Записки писателя - страница 17

стр.

На фоне «Среды» одной из отметных фигур был Сергей Сергеевич Голоушев, врач-гинеколог по профессии, но в сущности литератор, театральный критик, художник, вся жизнь которого была в искусстве. По возрасту он был старше всех нас — кого на десять, кого на пятнадцать лет. Но разница эта не замечалась: всегда интересный, увлекающийся — что называется «живой человек», — он мог быть товарищем и более юным, чем мы. Умер он в июне 1920 года, в возрасте, позволяющем назвать его стариком: ему было шестьдесят пять лет. Но все, кто знавал его, все его многочисленные товарищи по искусству, по общественности, по медицине и еще более многочисленные молодые ученики и ученицы по художеству и особенно по театру могут подтвердить, что в этом шестидесятипятилетнем муже горела молодая душа, и не только молодая, но юная. Зрелый и хороший ум его охватывал и анализировал явления, а горячее сердце, склонное к увлечениям, дополняло это понимание любовью к явлениям, самой искренней, молодой и настоящей, оттого и все его работы, театральные статьи, художественные оценки, монография художников и его студийные лекции по театральному искусству — все это полно увлечения, заражающего читателя, а еще более слушателя. Особенно увлекателен он был как оратор и менее всего заметен как беллетрист.

Однажды Голоушев прочитал нам на «Среде» только что написанный им рассказ на тему о любви; не помню его названия. Рассказ не показался интересным, и автору было высказано это откровенно. Он на секунду задумался.

— Я имел в виду случай как будто интересный и не шаблонный. Например, вот эта сцена. Или вот эта.

И он начал снова рассказывать.

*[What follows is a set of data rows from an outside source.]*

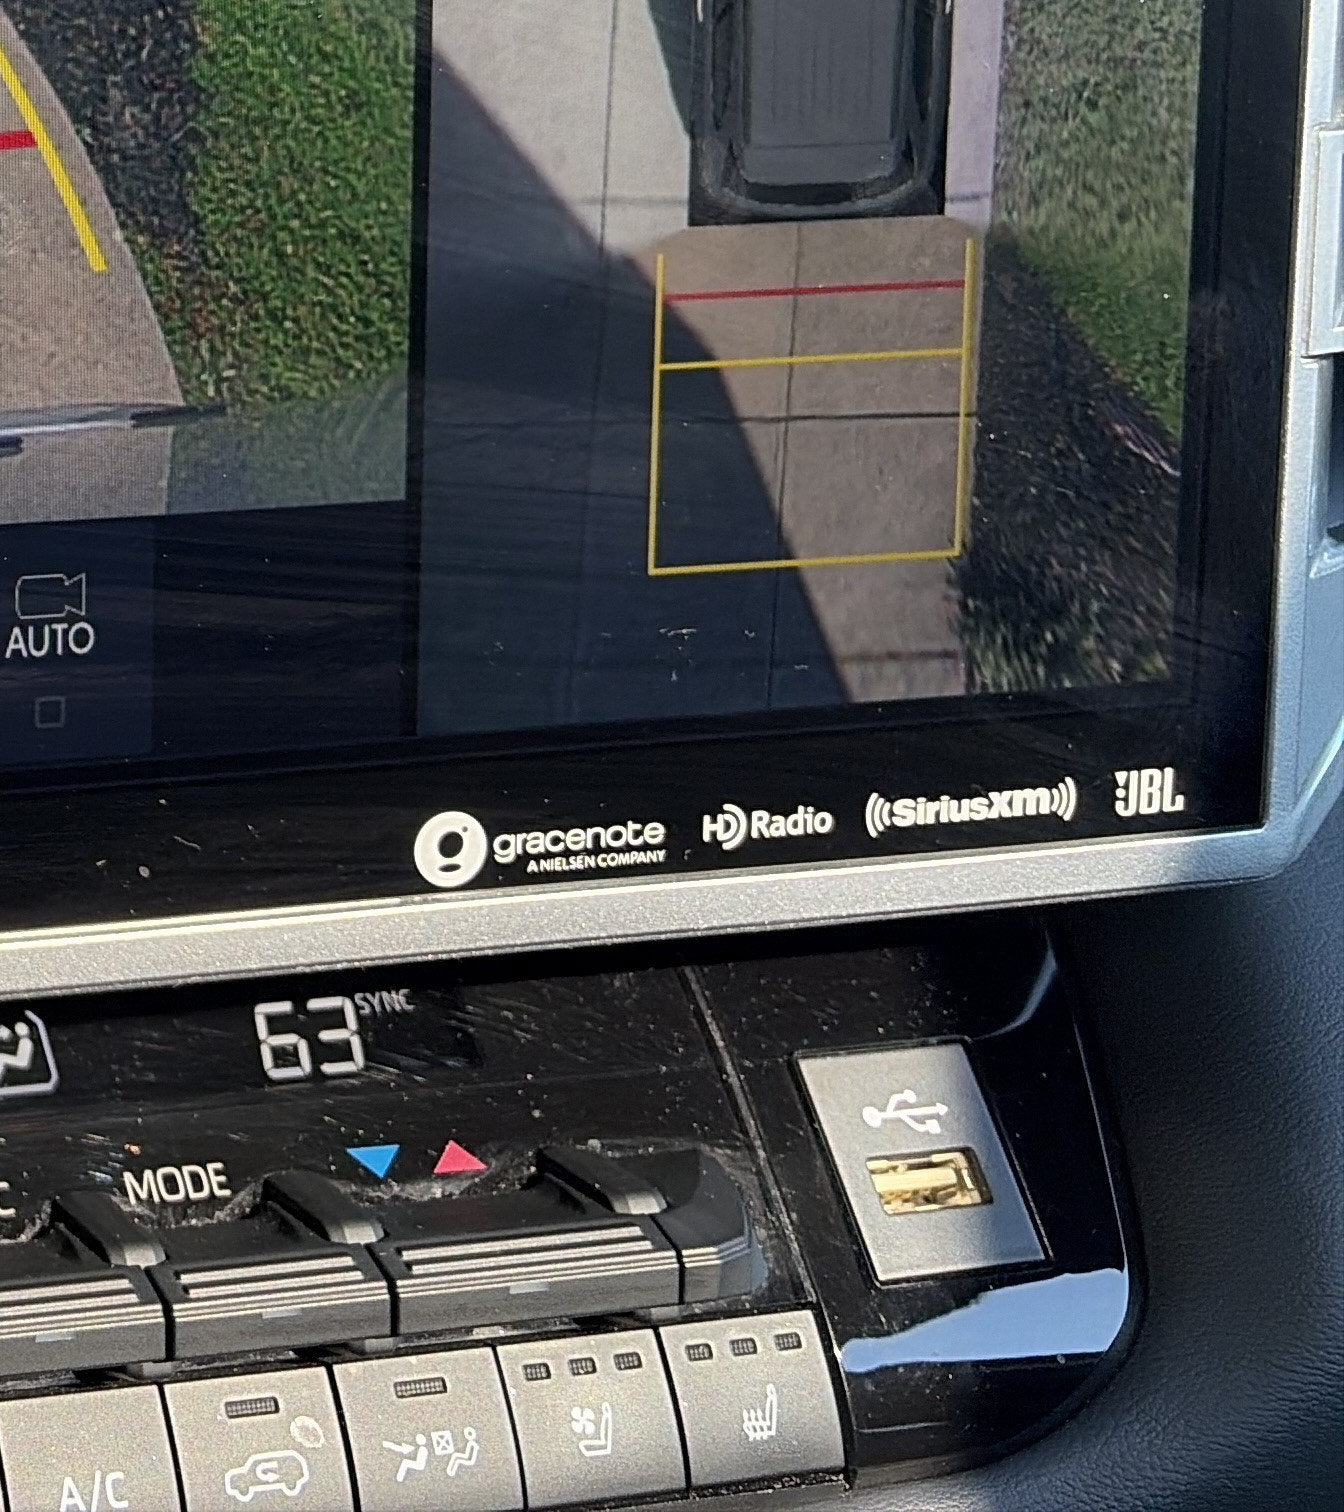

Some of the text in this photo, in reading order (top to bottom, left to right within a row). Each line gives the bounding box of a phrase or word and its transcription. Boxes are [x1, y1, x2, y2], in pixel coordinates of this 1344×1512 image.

[5, 622, 97, 659] AUTO
[1114, 767, 1185, 817] JBL
[493, 820, 666, 864] gracenote
[750, 806, 834, 840] Radio
[526, 848, 668, 873] A NIELSEN COMPANY
[254, 989, 416, 1081] 63 SYNC
[122, 1162, 233, 1205] MODE
[59, 1469, 131, 1512] A/C

Обычное увлечение овладело им. И тот же самый рассказ загорелся и засверкал. Сжато, сильно, красиво и содержательно лилась его речь. И когда он кончил, нельзя было не сказать ему: «Почему же ты написал не так, как сейчас говоришь?»

Он и сам это чувствовал и даже сознался:

— Вижу, что тот рассказ никуда не годится. Мне надо, должно быть, не писать рассказы, а рассказывать о них своими словами.

Высокого роста, худой, с широкими, несколько приподнятыми плечами, с русой бородкой, начинающей седеть, с высоким лбом и длинными, закинутыми назад русыми волосами, тоже не без серебряных нитей, почти всегда в длинном триковом сюртуке, который он носил обычно нараспашку; что-то красивое и что-то некрасивое было одновременно в его лице; в небольших серых и чуть раскосых глазах, особенно когда он смеялся, вспыхивало хитрое выражение, чего, однако, на самом деле не было совершенно ни в его натуре, ни в характере, ни в его отношениях к людям. Это был очень доброжелательный, очень милый, ко всему способный и талантливый человек, всем увлекающийся и многому легко поддающийся. Его облик я беру за последний десяток лет до его смерти. В общем, я знавал его с четверть века, когда он был уже московским врачом и художником, отбывшим ссылку на далеком севере за участие в партии «Народная, воля» в семидесятых годах.

Художественная Москва хорошо знала Голоушева по его рецензиям, а театральная молодежь увлекалась его лекциями. Говорил он всегда содержательно и красиво и сам увлекался темой своей речи. Капитальным трудом его был текст к большому иллюстрированному изданию 1909 года «Художественная галерея Третьяковых», где Голоушев развернул историю русской живописи от шестидесятых годов до последних дней. Большой известностью пользуется также его монография «И. И. Левитан, его жизнь и творчество», изданная в 1913 году, и «Очерки по истории искусства в России».

Как-то раз, заехав ко мне, А. И. Куприн не застал меня дома и в ожидании целый час проговорил с моей женой. Когда я вернулся, он сказал:

— Вот славно мы без вас побеседовали! Теперь ведь, куда ни придешь, везде один разговор: «Ах, Бунин! Ах, Андреев!..» А мы хорошо и с удовольствием поговорили о лошадях.

Куприн вообще очень любил лошадей, а в это время в Москве было много всяких разговоров о беговом непобедимом жеребце «Рассвете», внезапно и таинственно погибшем. Дело было темное; в газетах намекалось на умышленное отравление лошади конкурирующим коннозаводчиком.